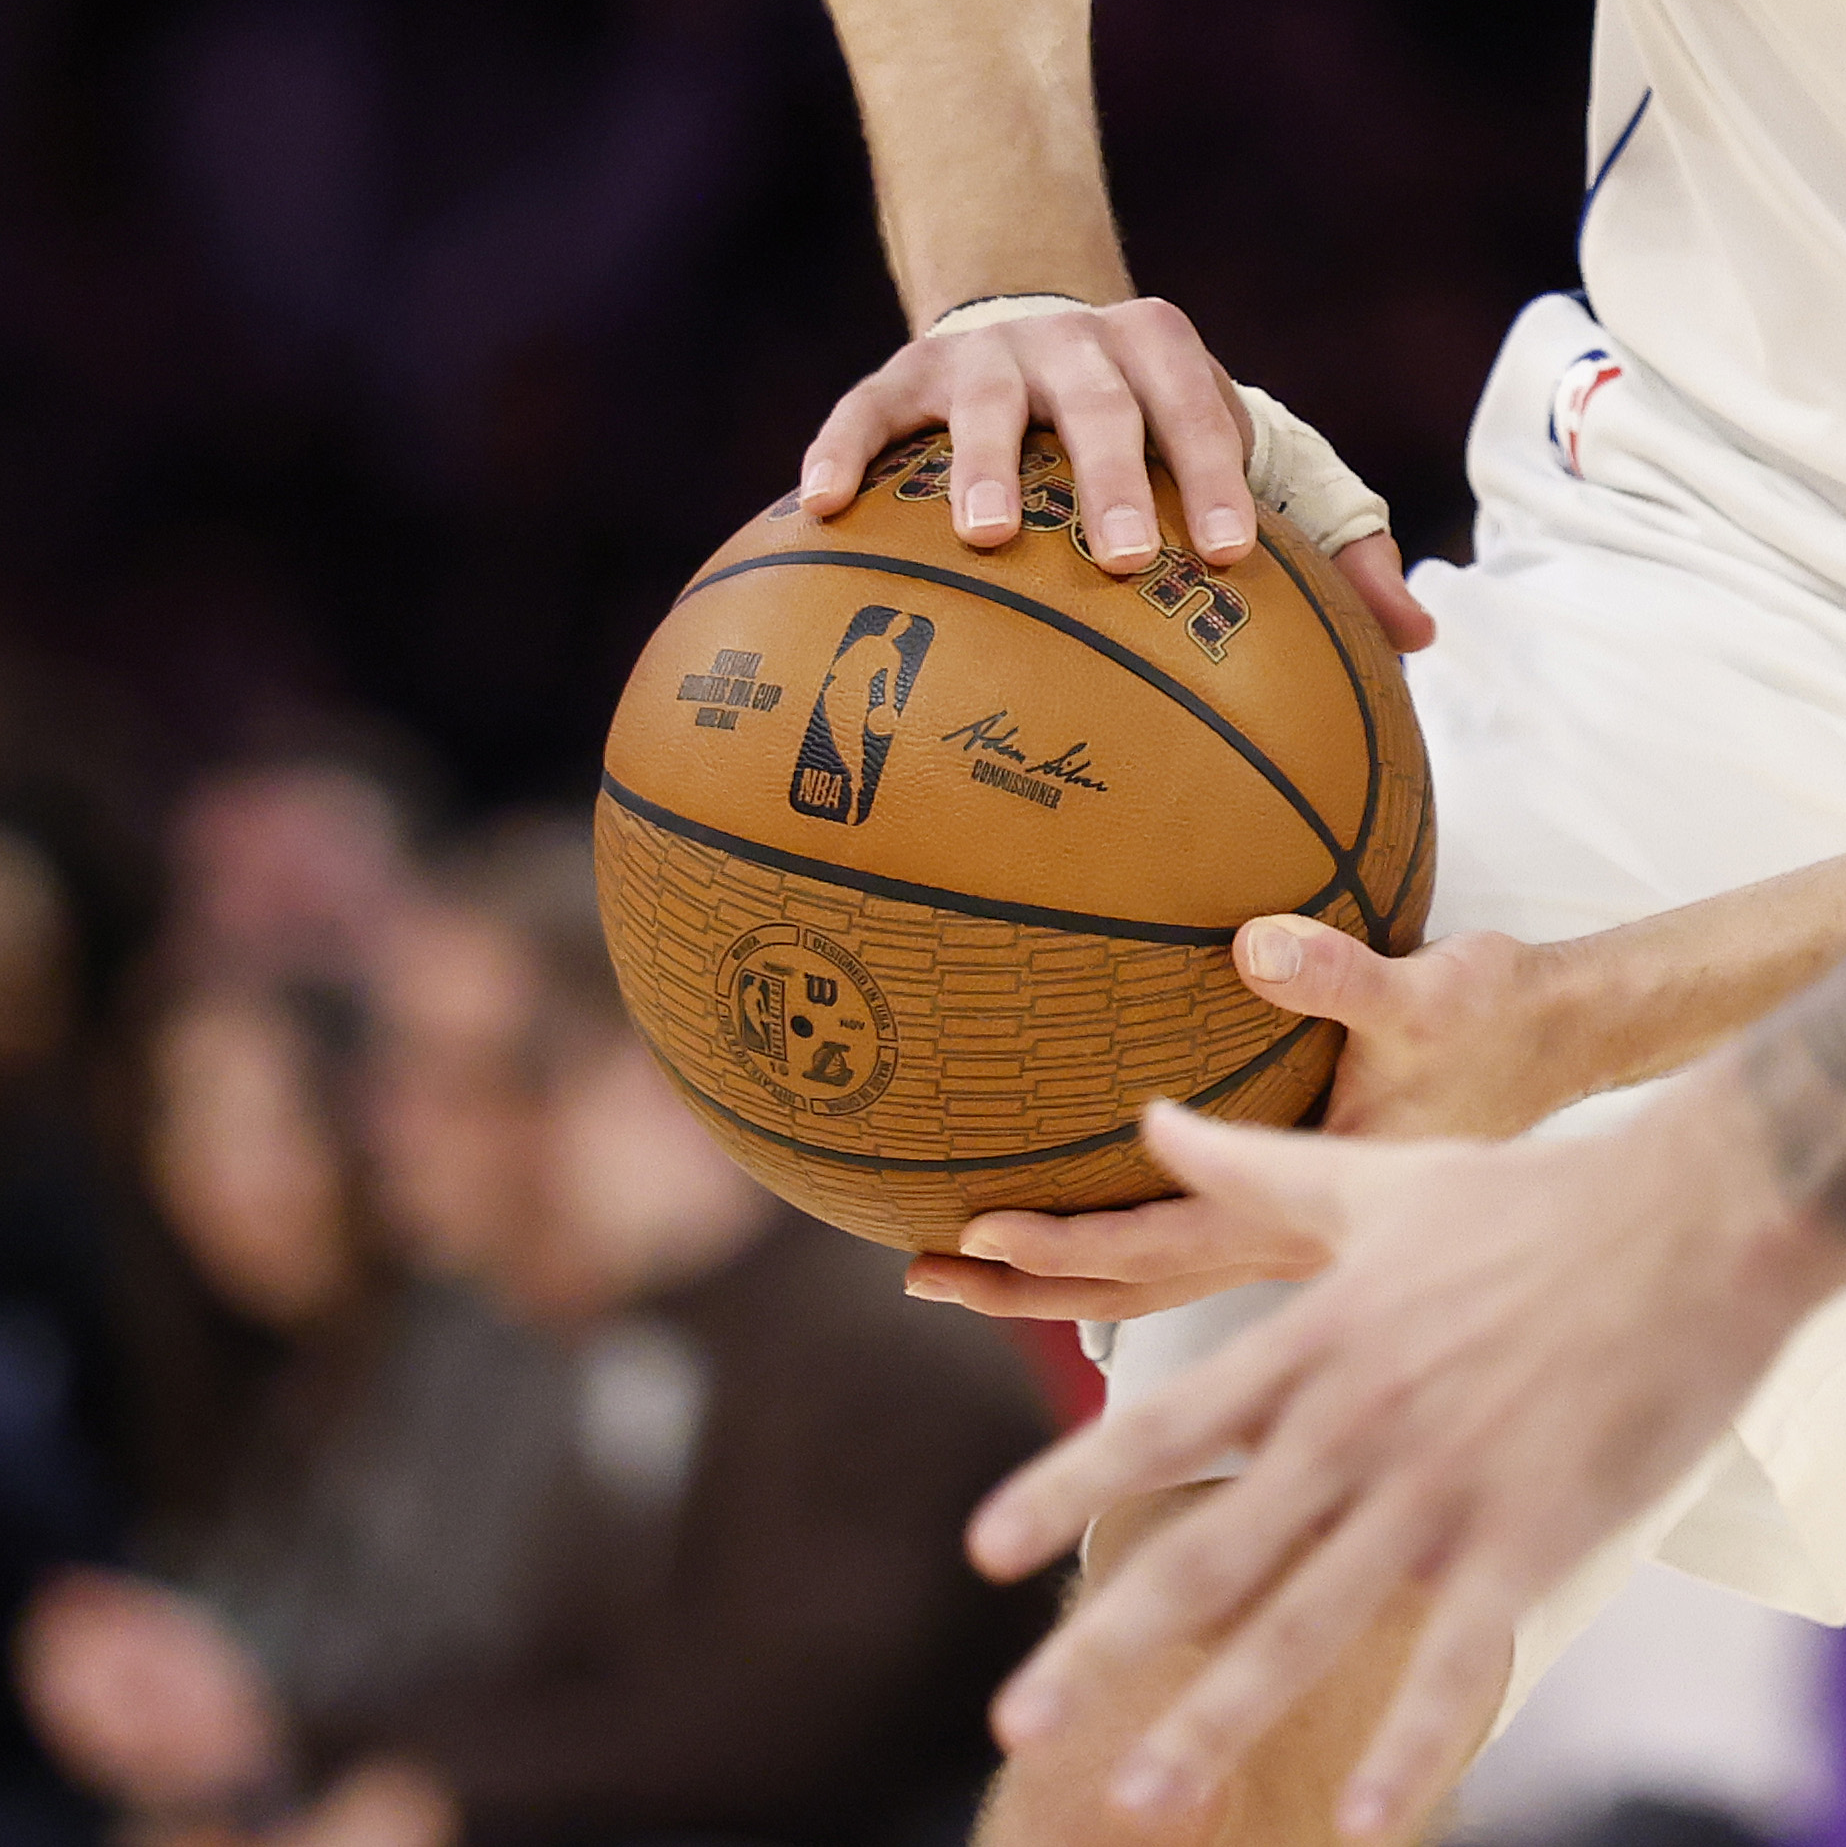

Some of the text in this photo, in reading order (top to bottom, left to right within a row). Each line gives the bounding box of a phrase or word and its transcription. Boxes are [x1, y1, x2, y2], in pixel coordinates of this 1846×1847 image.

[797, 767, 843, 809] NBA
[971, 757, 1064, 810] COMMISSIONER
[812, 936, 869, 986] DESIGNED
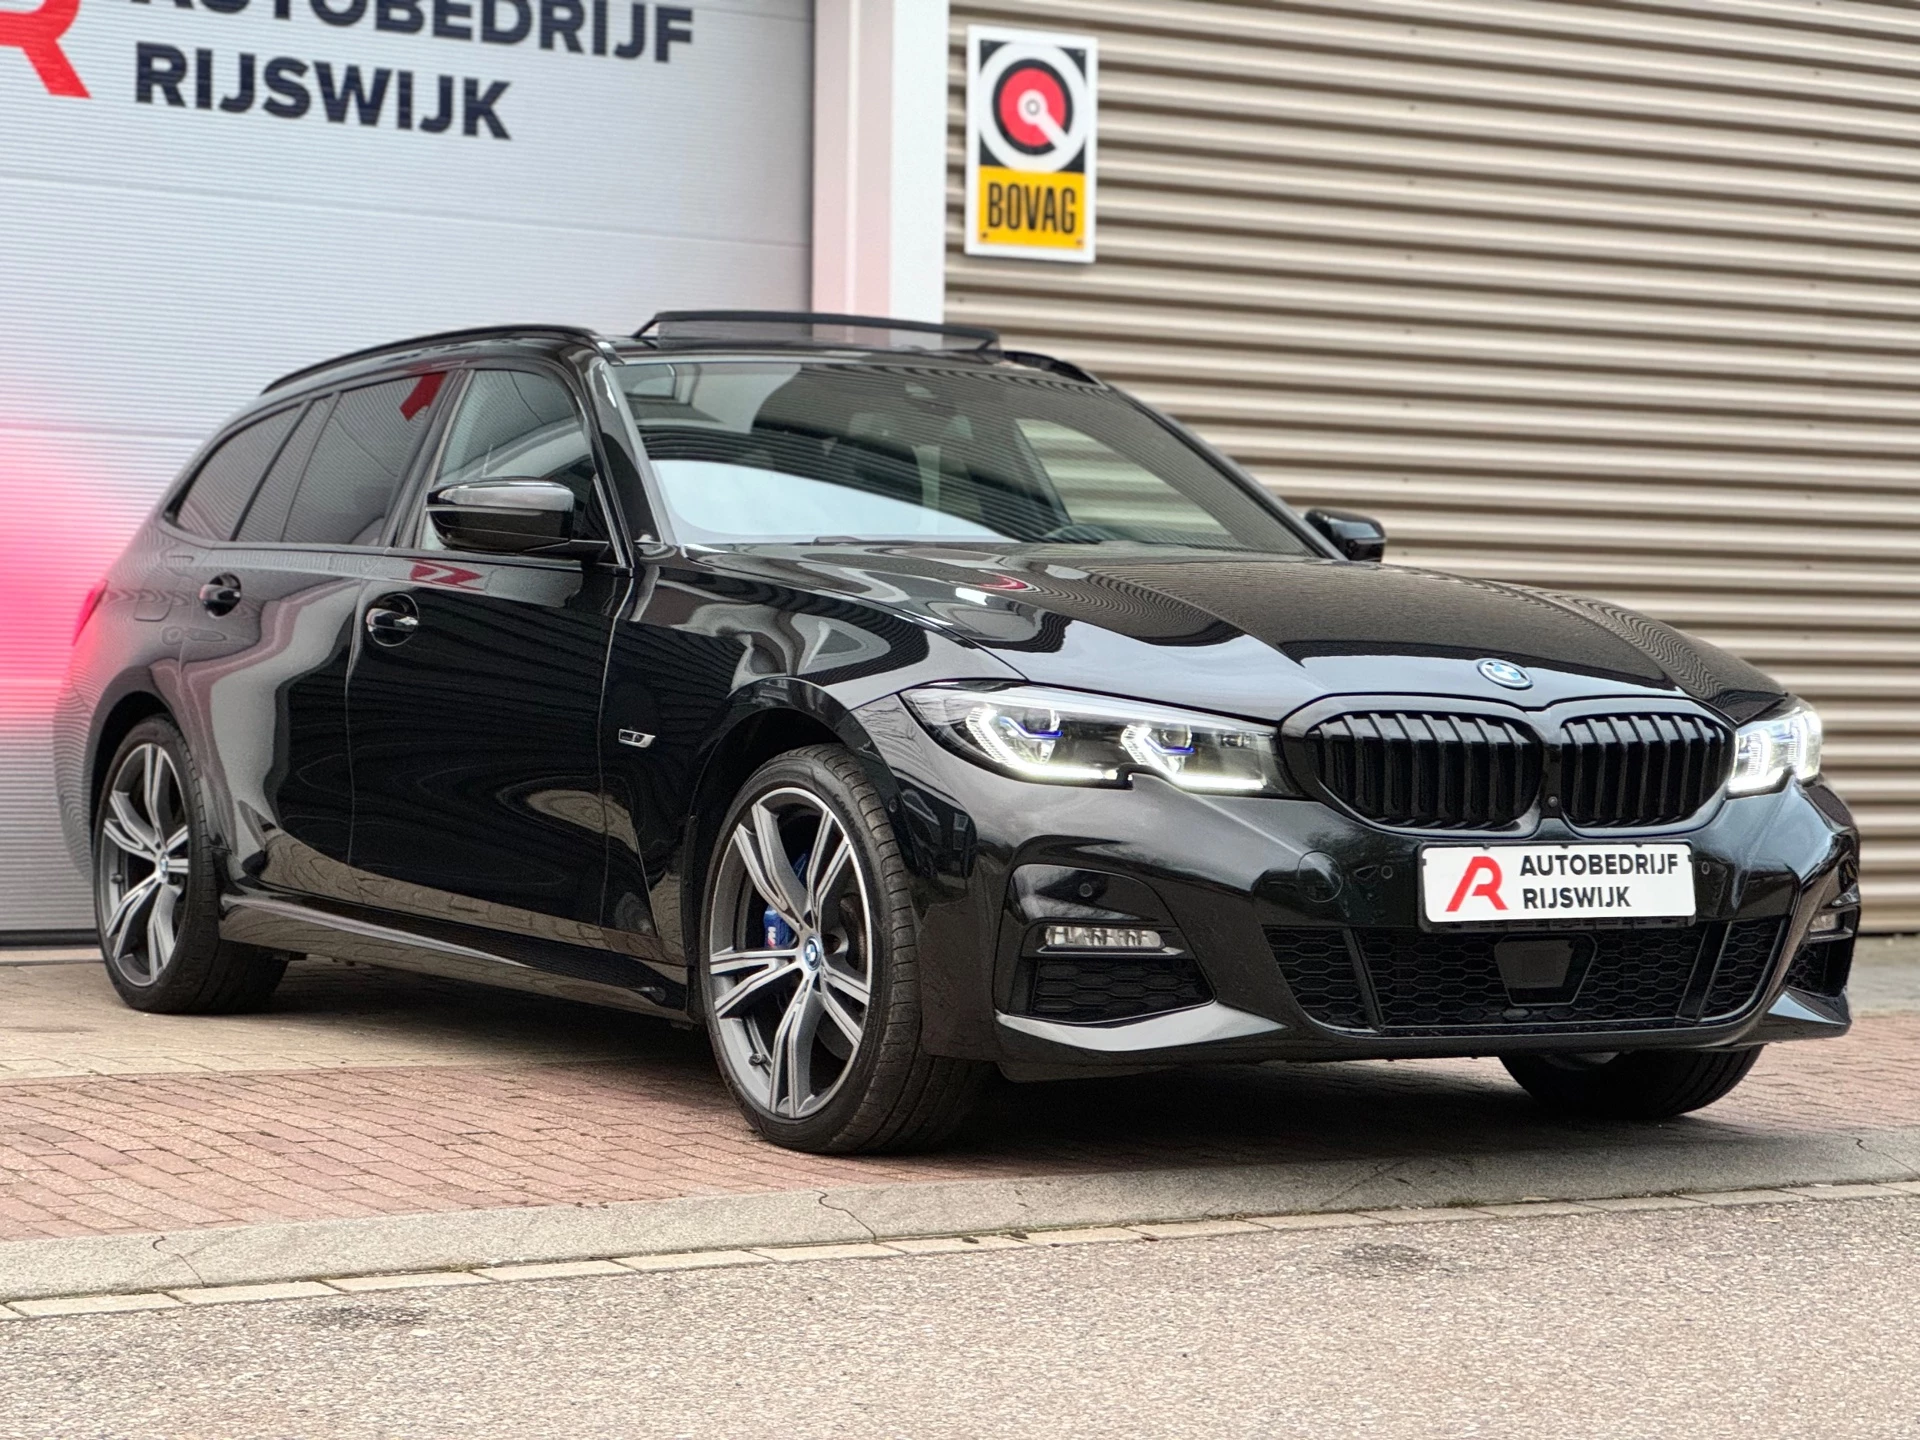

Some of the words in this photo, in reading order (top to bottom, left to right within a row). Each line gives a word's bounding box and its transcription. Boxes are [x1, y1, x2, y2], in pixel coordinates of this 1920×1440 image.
________________
◆ **Task details**: Every entry is to be transcribed exactly, but the pictures are to be left out.

◆ **Exercise response**:
Some of the text in this photo, in reading order (top to bottom, left to right within a row). Each line gives the bounding box of a phrase or word and its transcription. Boxes are [x1, y1, x2, y2], in pixel coordinates of this 1846×1847 image.

[797, 767, 843, 809] NBA
[971, 757, 1064, 810] COMMISSIONER
[812, 936, 869, 986] DESIGNED

Some of the words in this photo, in reading order (top to bottom, left to right within a row). Each line gives a word's bounding box and its transcription. Boxes are [x1, y1, x2, y2], in pixel coordinates of this 1920×1440 image.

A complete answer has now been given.